Soon after the transaction completed, JP Morgan sent ConsMin a bill for its “services”. Initially, JP Morgan indicated that the bill would be about $32 million, however, that was soon increased to $51 million, largely consisting of about $40 million in “incentive fees” (this amount was based on the initial amount offered by Pallinghurst of $2.08 and the final price paid by Palmary of $5). ConsMin disputed this figure, offering $20 million (which reflected an incentive fee based on Palmary’s initial and final offers).
After considering the various legal arguments, specifically, how to calculate the “incentive fee”, Justice Hammerschlag found that JP Morgan’s claim for $50 million “would result in an outcome that would be capricious, unreasonable and unjust”. Instead, the court held that the incentive fee was $9 million, and should have been based on the difference in Palmary’s first and final bids.
This columnist has long taken issue with how investment bankers are remunerated — not merely the quantum (leading investment bankers at firms such as Macquarie and Goldman Sachs JBWere often receive higher remuneration than most CEOs) but more specifically, that their pay and bonuses often have minimal link to their actual performance. This problem works both ways — for example, bankers are not paid if a deal falls through, so they can spend hundreds of hours of time for no reward.

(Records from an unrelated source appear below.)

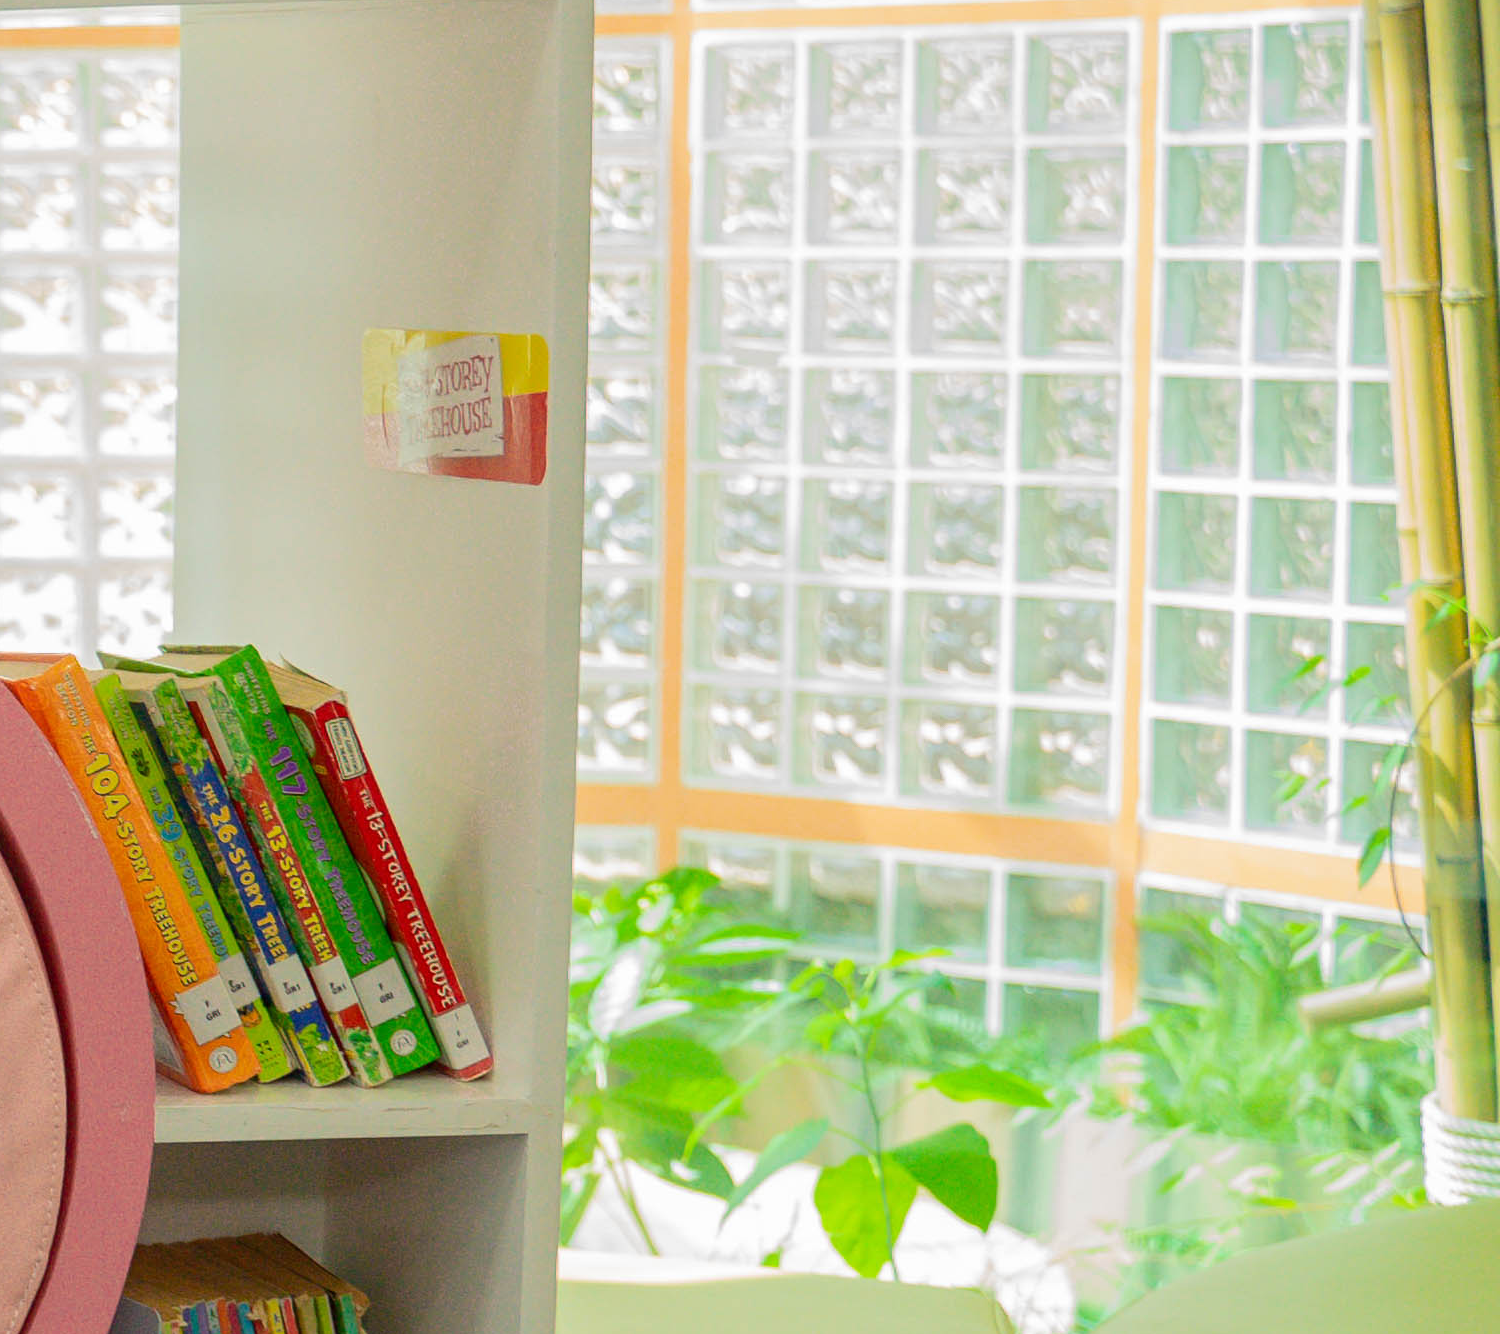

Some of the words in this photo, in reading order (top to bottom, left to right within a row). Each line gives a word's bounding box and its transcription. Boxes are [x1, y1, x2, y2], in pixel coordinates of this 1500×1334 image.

[82, 732, 96, 753] THE
[86, 753, 155, 882] 104-STORY
[202, 782, 216, 807] THE
[210, 809, 266, 908] 26-STORY
[259, 801, 273, 822] THE
[266, 823, 313, 910] 13-STORY
[269, 747, 331, 863] 117-STORY
[326, 867, 375, 965] TREEHOUSE
[144, 884, 198, 987] TREEHOUSE
[359, 789, 372, 810] THE
[367, 812, 413, 902] 13-STOREY
[407, 907, 456, 1008] TREEHOUSE
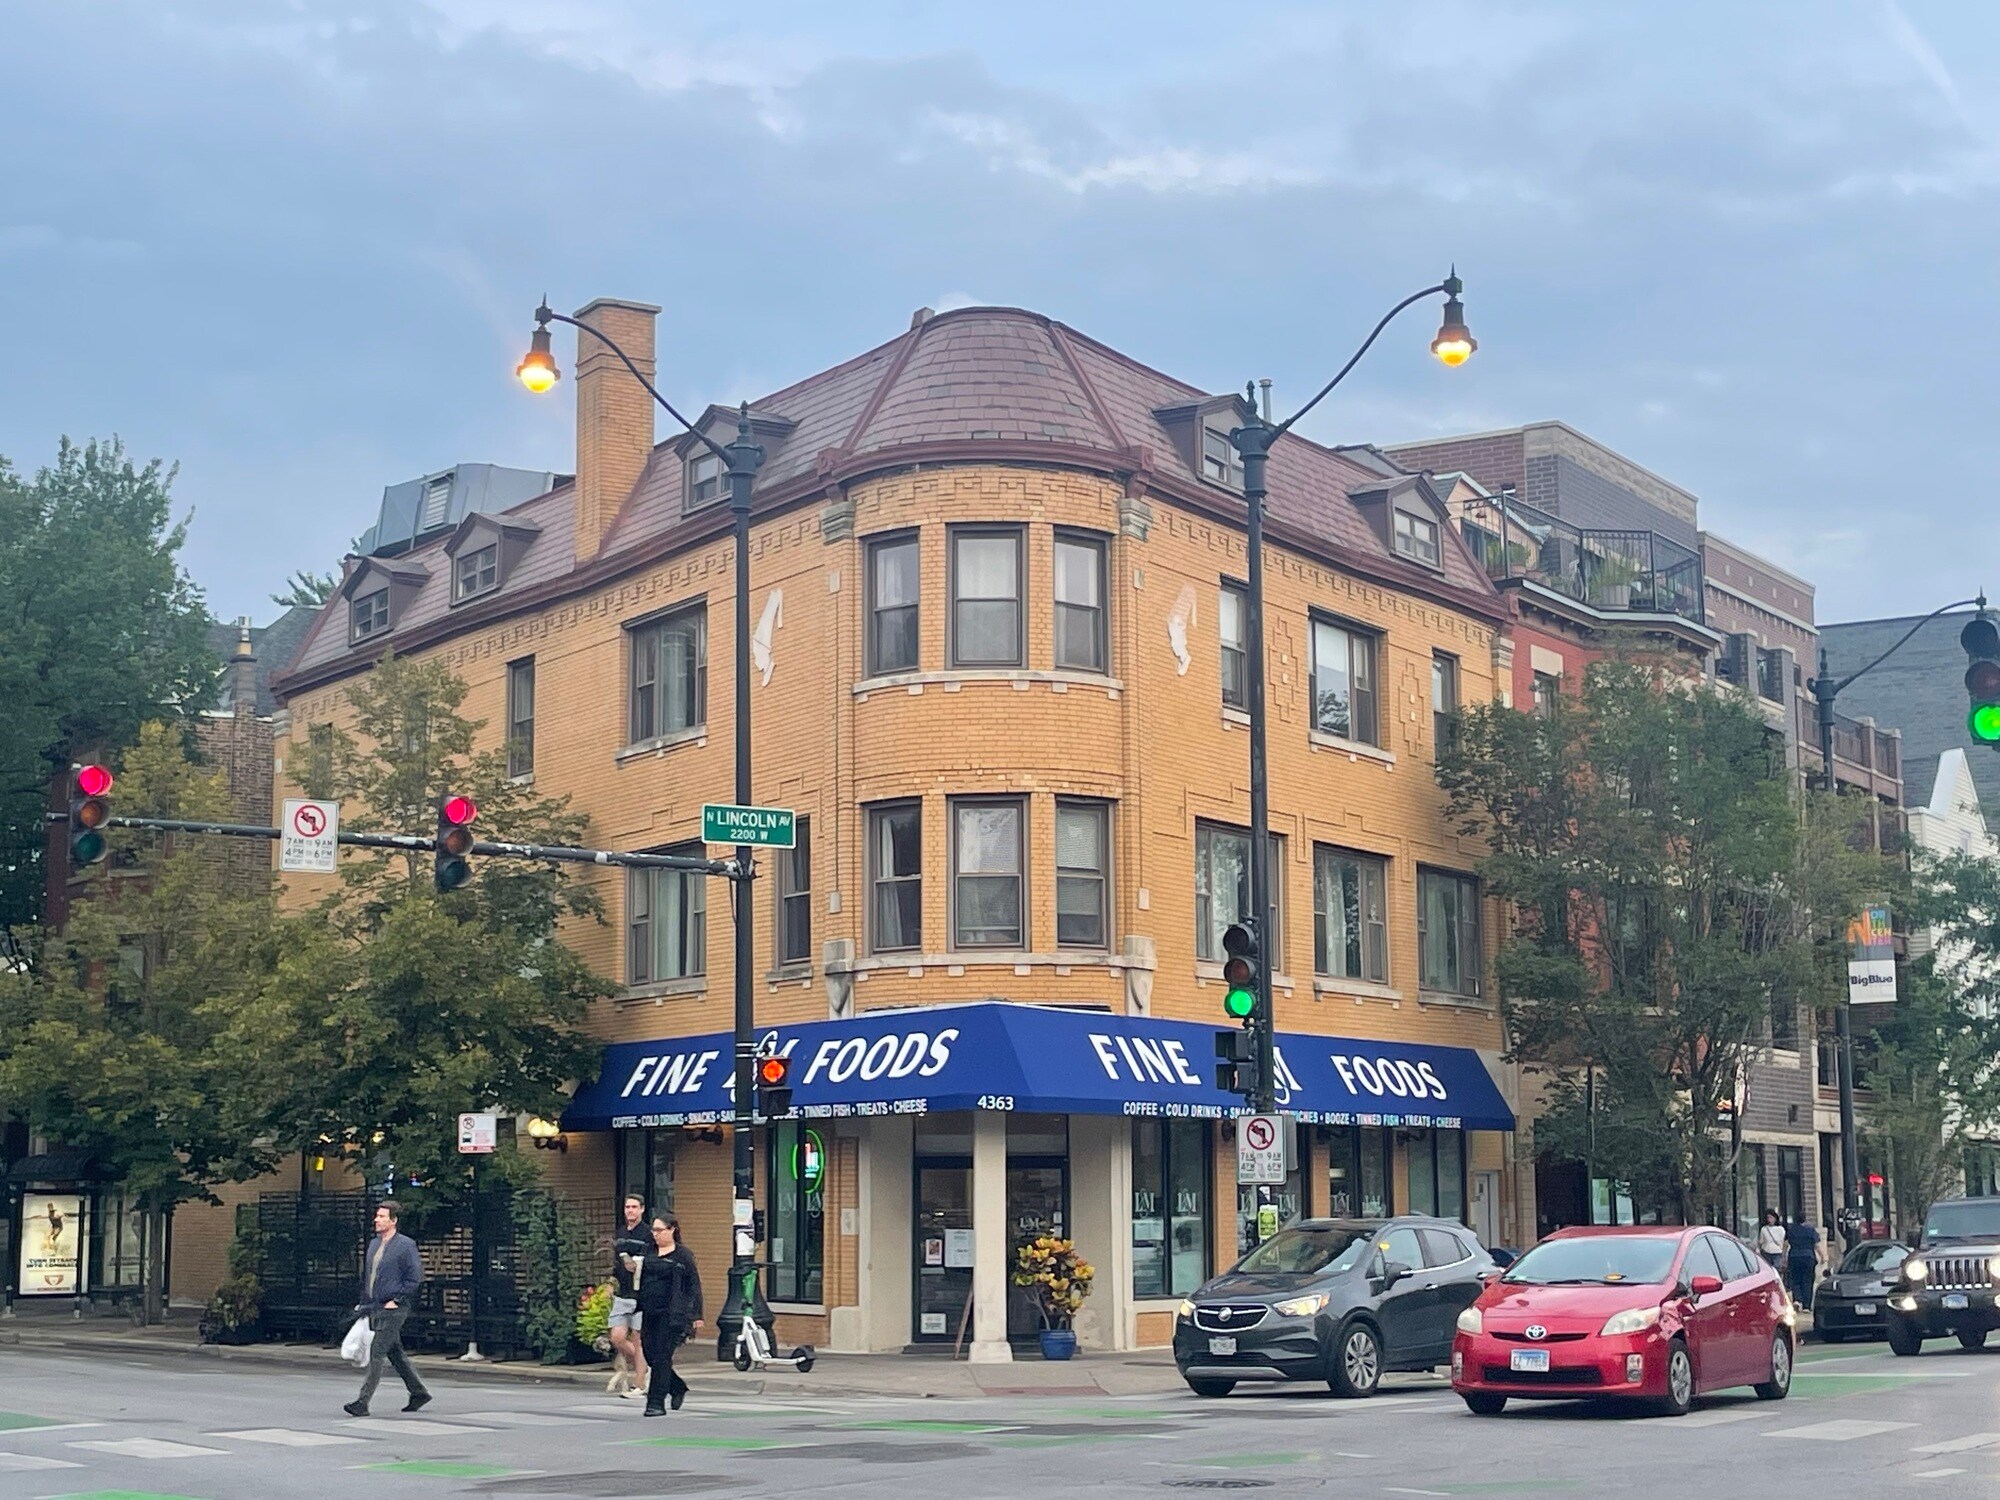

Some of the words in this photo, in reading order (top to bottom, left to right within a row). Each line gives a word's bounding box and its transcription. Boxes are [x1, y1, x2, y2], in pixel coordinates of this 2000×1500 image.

The prospect of the ultimate acquirer having to pay tens of millions in takeover defence fees to an adviser who literally did less than nothing to achieve the sale is extraordinary. The strange sight of JP Morgan, a recipient of billions of dollars of taxpayer monies in the United States, taking legal action to recover a fee that was in no way commensurate to the services it provided is somewhat bizarre. If anything, the advice of JP Morgan may, had it not been for the Territory bid, have actually cost ConsMin shareholders more than $700 million in forgone sales proceeds.
(To draw an analogy, this is much like a real estate agent advising a vendor to accept an offer $500,000, but the vendor rejecting the advice and eventually selling the property for $1,300,000 after a heated auction — only to receive a bill from the agent based on the full $1,300,000 price.)
A JP Morgan spokesperson confirmed that the bank “believe there are strong grounds for appeal and … are currently assessing our response in that regard.”